Sucedió en una de las calles cercanas al Museo de la emperatriz Sissí, en el centro de Viena. Caminábamos apresuradamente, entre el aluvión de gente que iba y venía, pues cercano al Mediodía, comenzó una llovizna que se tornaba perenne, y presagiaba con humedecerlo todo. Apremiados por guarecernos en algún café, restaurante o algún alero cercano, me distraía a veces observando los detalles arquitectónicos y los relieves de las esculturas de la Plaza de Stephansplatz.
Pero, en aquel apretujamiento de pasos, lo que menos podía yo imaginar, aconteció. Al compás de los murmullos en diversas lenguas y quizás subyacente, la premura y el único sentimiento de disfrutar los monumentos, esculturas y las plazas arquitectónicas vienesas, como de golpe, abriéndose espacios, apareció aquel grupo.
Y era como cuando de pequeňa, escuchaba a mi madre rezar y cantar:
“Bajó de los cielos, la Virgen María... Ave María... Ave María, Ave María....“
Detrás de él y su altoparlante en mano, un grupo de mujeres en coro, corroborando aquel canto ... „Ave María, ave María... „
Era un sacerdote joven que cantando, avanzaba muy resuelto por aquellas calles. Portaba una sotána larga, color negro, y detrás los feligreses, con aquella imagen tan diminuta, evocando a la madre de Jesús.

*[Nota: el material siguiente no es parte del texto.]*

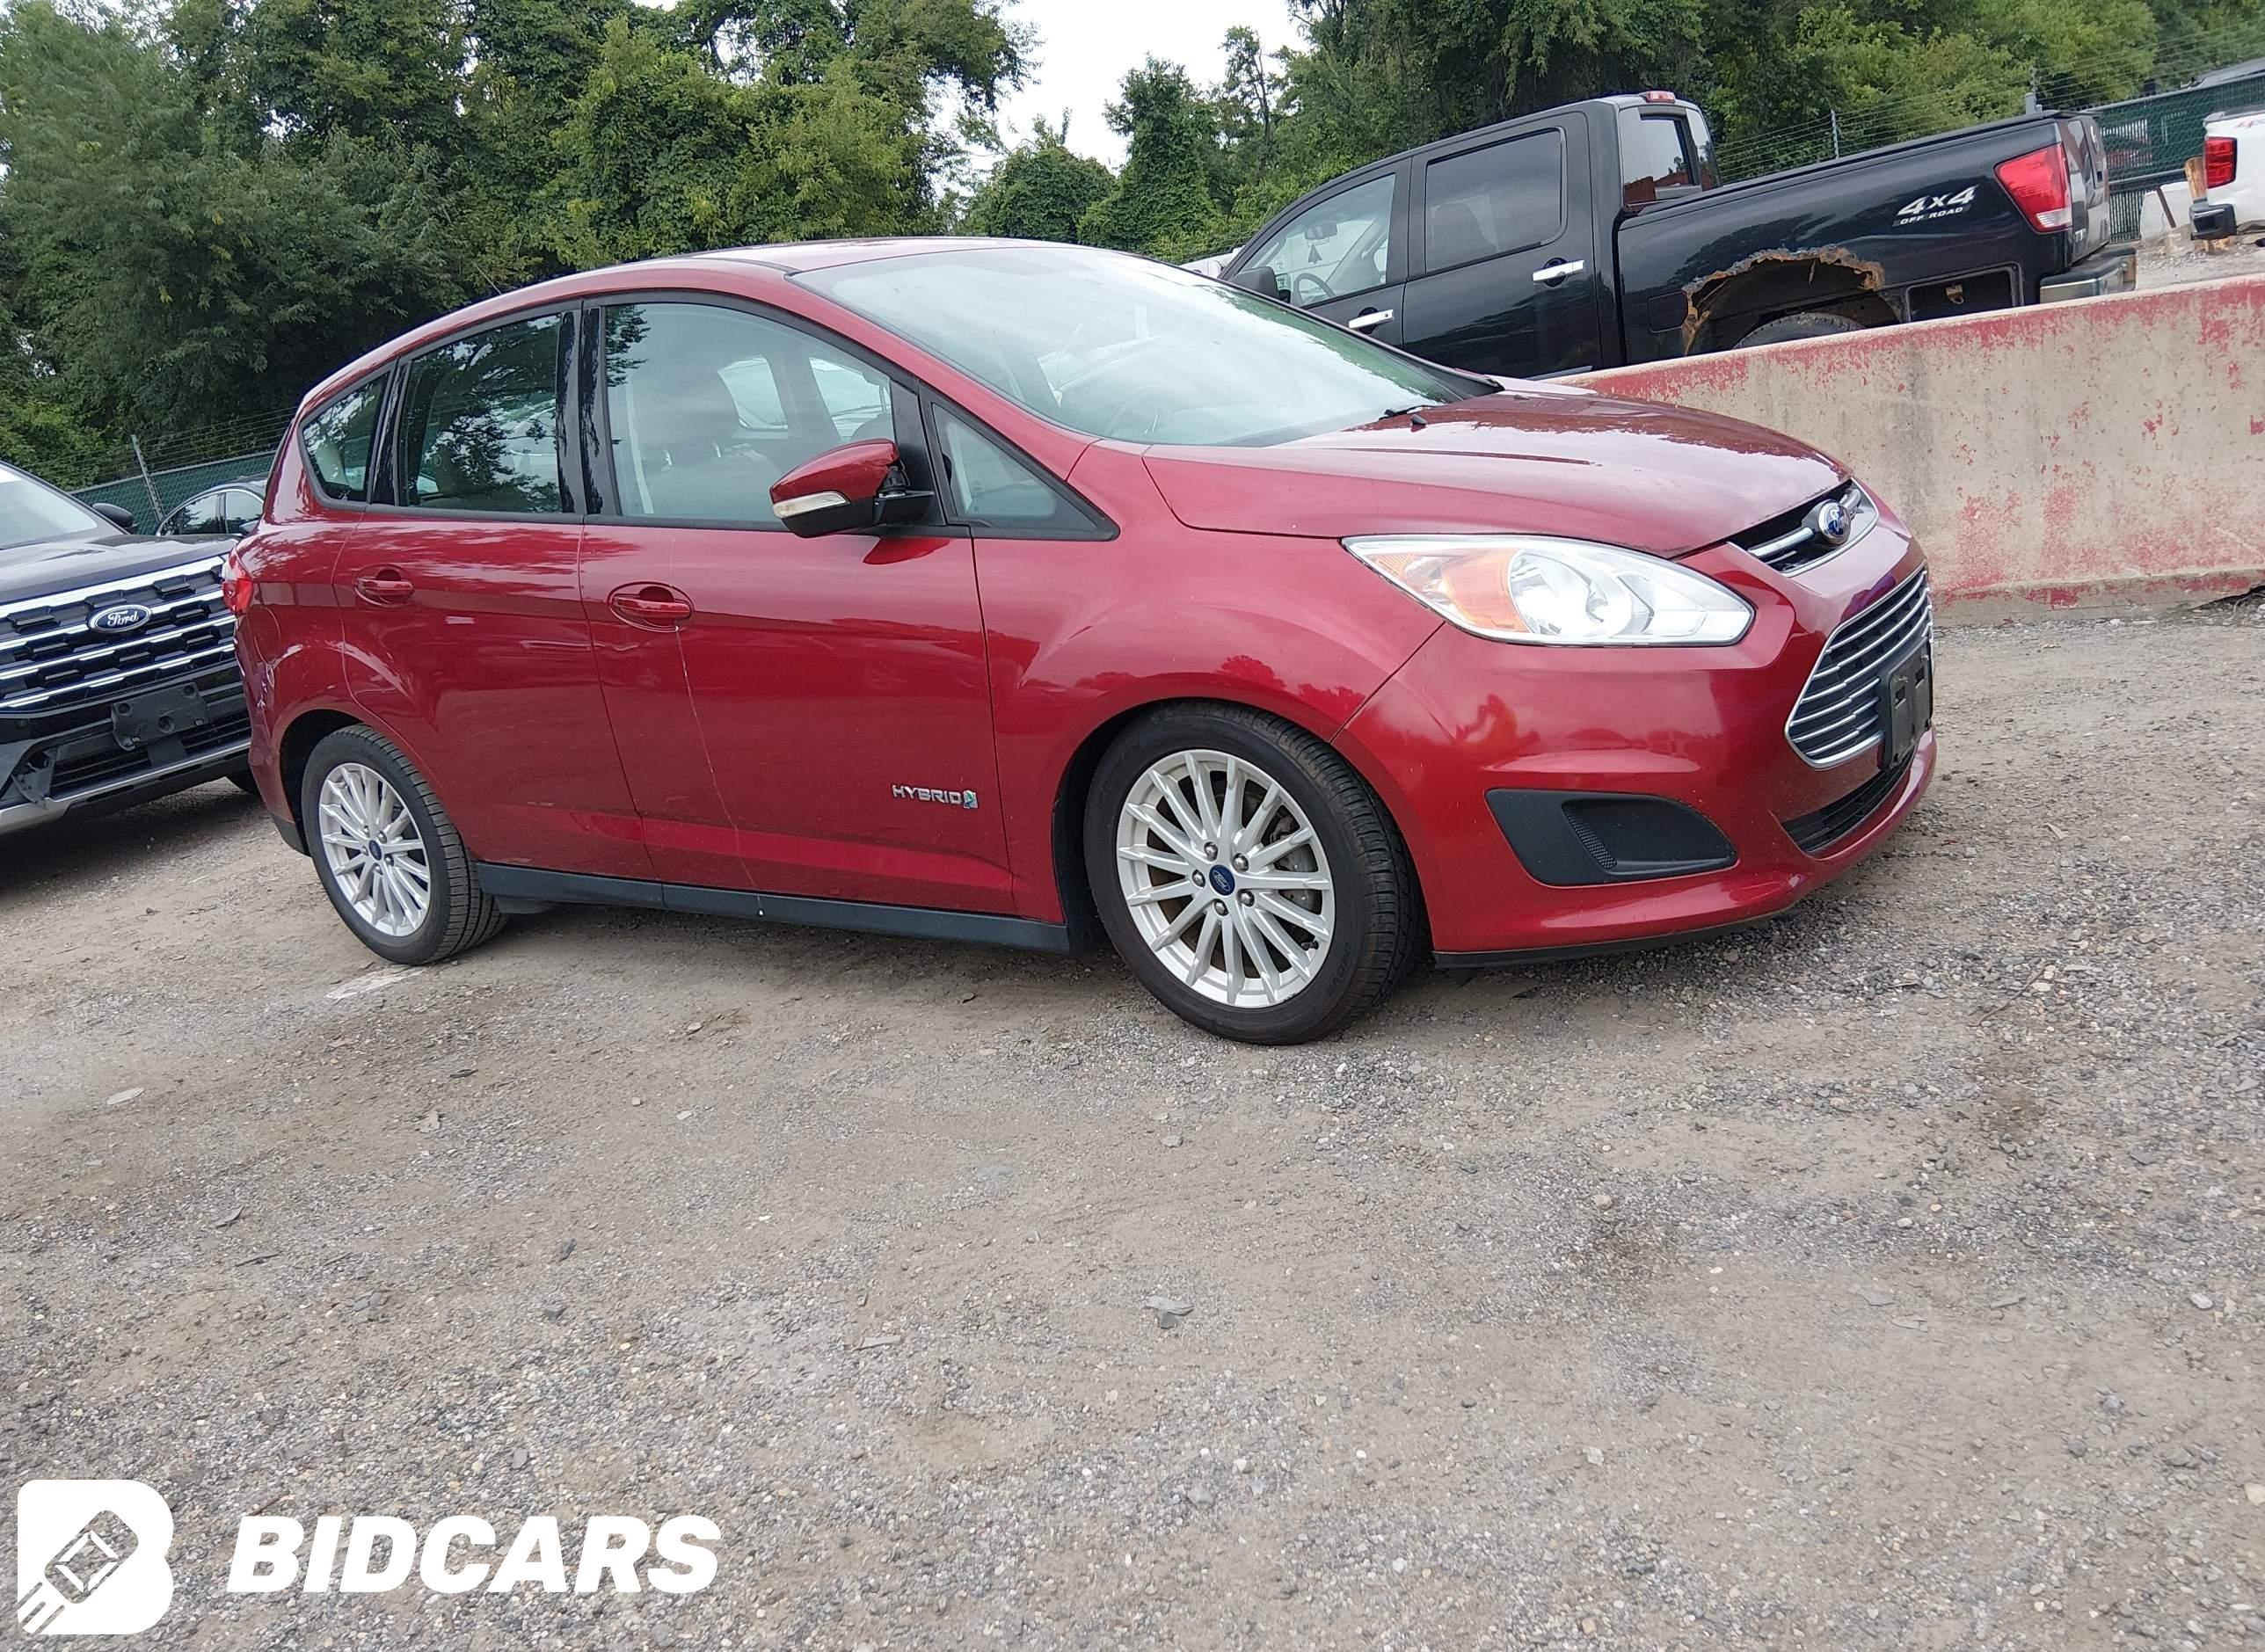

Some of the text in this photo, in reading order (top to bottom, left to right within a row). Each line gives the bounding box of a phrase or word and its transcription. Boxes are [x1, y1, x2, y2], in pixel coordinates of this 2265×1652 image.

[1899, 207, 1963, 225] OFF ROAD
[106, 610, 139, 627] Ford
[892, 784, 962, 805] HYBRID

Yo me quedé absorta y por un momento también me encontré como ellos, cantando, a pesar de que continuaba caminando, mezclándome apresurada entre la muchedumbre.
Canté, sí, como cuando era una niňa y secundaba a mi madre, agradeciendo a la Madre de Dios, sus favores y su protección. Canté, y por un momento vi que algunas personas me observaban, algunas por supuesto no me entenderían, eran de otras razas, y quizás de otras religiones; otros en tanto caminaban o comían distraídos, quizás no se percataban, ni commprenderían aquel momento.

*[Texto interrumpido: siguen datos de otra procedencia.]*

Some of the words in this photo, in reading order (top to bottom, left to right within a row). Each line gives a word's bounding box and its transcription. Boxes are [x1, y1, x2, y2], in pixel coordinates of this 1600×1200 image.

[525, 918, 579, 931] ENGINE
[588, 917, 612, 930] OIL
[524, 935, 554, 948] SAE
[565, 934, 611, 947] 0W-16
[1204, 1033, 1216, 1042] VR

O tal vez, lo interpretarían como un hecho surrealista, pues de todas maneras era el elemento incidental, algo que trataba de encajar, -quizás de manera abrupta- en ese escenario de gente más dominadas en aquel momento, por el placer de los sentidos, el placer visual estético.
No supe quien era aquel sacerdote; no hubo tiempo para indagar, pero me pareció que de él y de esos feligreses, se desprendía un acto poderoso de voluntad, de su compromiso de comunicarnos su fe.
Fueron segundos veloces que abría a una experiencia única, un golpe de emoción y de luz, como los rayos de sol que irrumpían la tarde que ya llegaba, y era al mismo tiempo, un momento inapresable, pues así como aparecieron se marcharon: y de repente, era tan sólo una imagen disuelta en el horizonte, apenas un rastro, luego quizás una ilusión óptica para el resto y luego, la nada.
Aquella diminuta porcelana representando la madre de Dios, la Virgen María, conduciendo el entusiasmo de aquel grupo, tan sólo aquella miniatura, aquel pequeňo detalle, sobre la generalidad, y sobre el corazón y el cerebro, la emoción: la descodificación de la imagen y el símbolo; y fue entonces, lo que procreó para mí, el instante, lo mágico, lo inefable.